Pour conclure, il convient de prendre du recul sur la pertinence d’une exposition exclusivement helvétique. En effet, le marché immobilier suisse se trouve actuellement à des niveaux de valorisation historiquement élevés, ce qui réduit mécaniquement les perspectives de rendement futur. De surcroît, plusieurs facteurs structurels invitent à la prudence : une potentielle hausse des taux hypothécaires qui fragiliserait des ménages très endettés, une démographie en ralentissement avec une natalité en baisse, l’impact croissant de l’intelligence artificielle sur l’emploi qualifié et donc sur la solvabilité de certains emprunteurs, ainsi que d’éventuelles restrictions migratoires qui pourraient peser sur la demande de logements.

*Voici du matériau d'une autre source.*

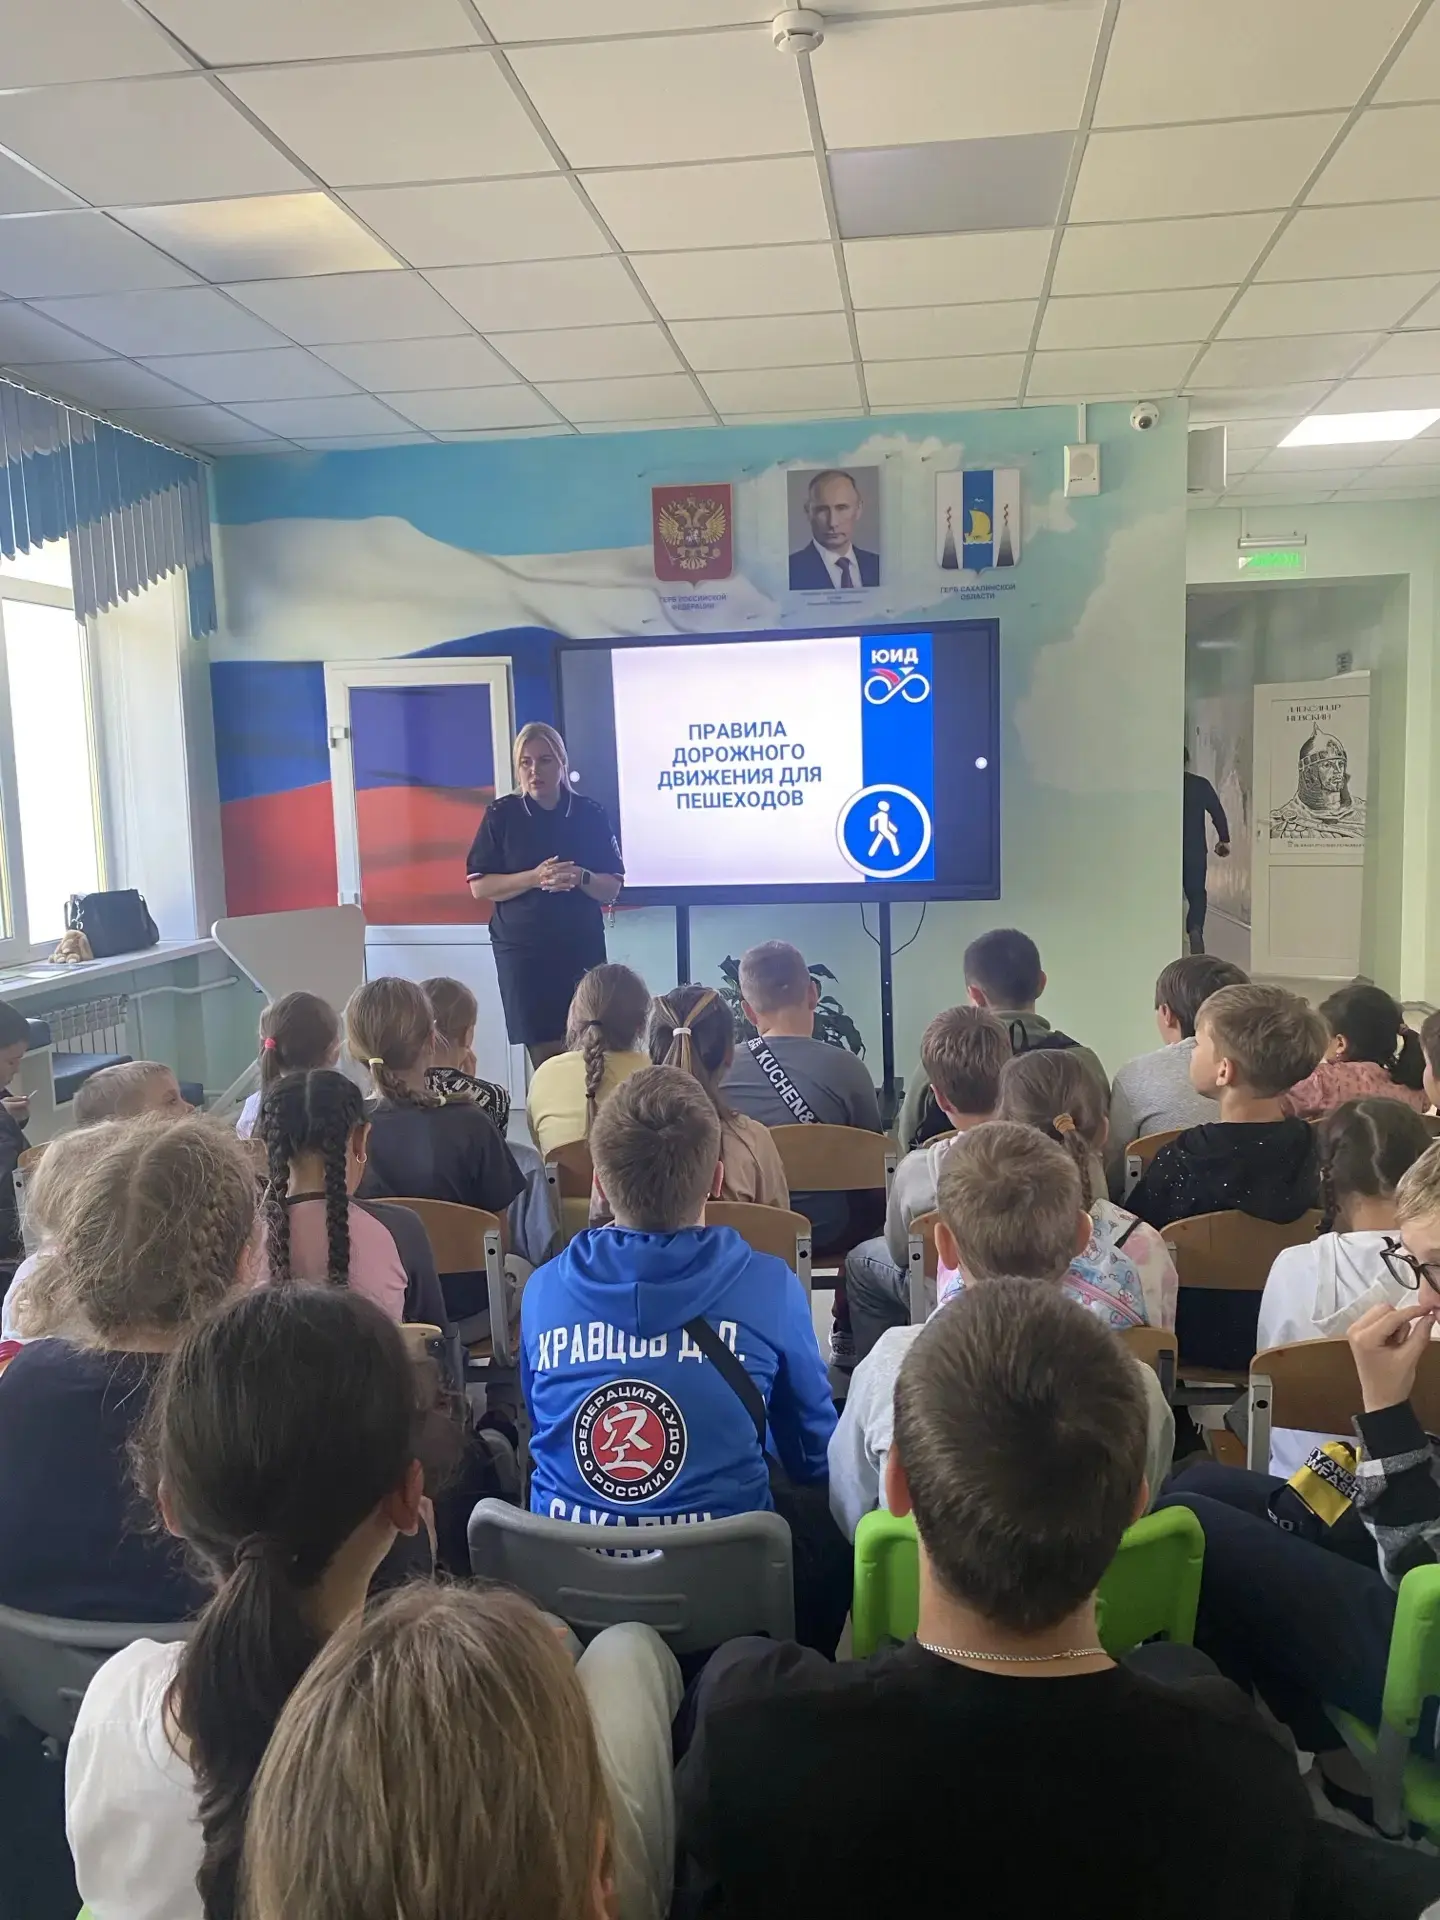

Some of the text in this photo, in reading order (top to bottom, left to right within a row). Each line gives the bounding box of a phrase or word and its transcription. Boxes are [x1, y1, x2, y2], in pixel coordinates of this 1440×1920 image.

Pour ces raisons, si la classe d’actifs immobilière vous intéresse, l’idéal n’est pas nécessairement d’investir dans l’immobilier uniquement en Suisse. Au contraire, il est souvent plus pertinent d’opter pour une exposition mondiale via des ETF ou des fonds immobiliers internationaux. Ainsi, vous bénéficiez d’une diversification géographique sur plusieurs continents, secteurs (résidentiel, commercial, logistique, santé) et devises. Par ailleurs, cette approche permet de réduire la dépendance à un seul marché national et de capter les opportunités de croissance présentes dans des régions où les valorisations sont plus attractives.
En définitive, faire appel à un conseiller financier indépendant rémunéré à l’honoraire permet d’évaluer objectivement chaque option, sans conflit d’intérêts. Ainsi, vous bénéficiez d’une analyse personnalisée et neutre, alignée sur vos intérêts patrimoniaux à long terme et adaptée au contexte de marché actuel.
Avertissement :
Cet article est publié à titre informatif et pédagogique. Il ne constitue ni une offre, ni une recommandation personnalisée d’investissement. Les véhicules de placement cités (ETF, fonds, actions, obligations) le sont à titre illustratif. Tout investissement comporte des risques, notamment de perte en capital, et les performances passées ne préjugent pas des performances futures. Avant toute décision, il convient d’évaluer votre situation patrimoniale, votre horizon de placement et votre tolérance au risque, idéalement avec un conseiller financier indépendant rémunéré à l’honoraire.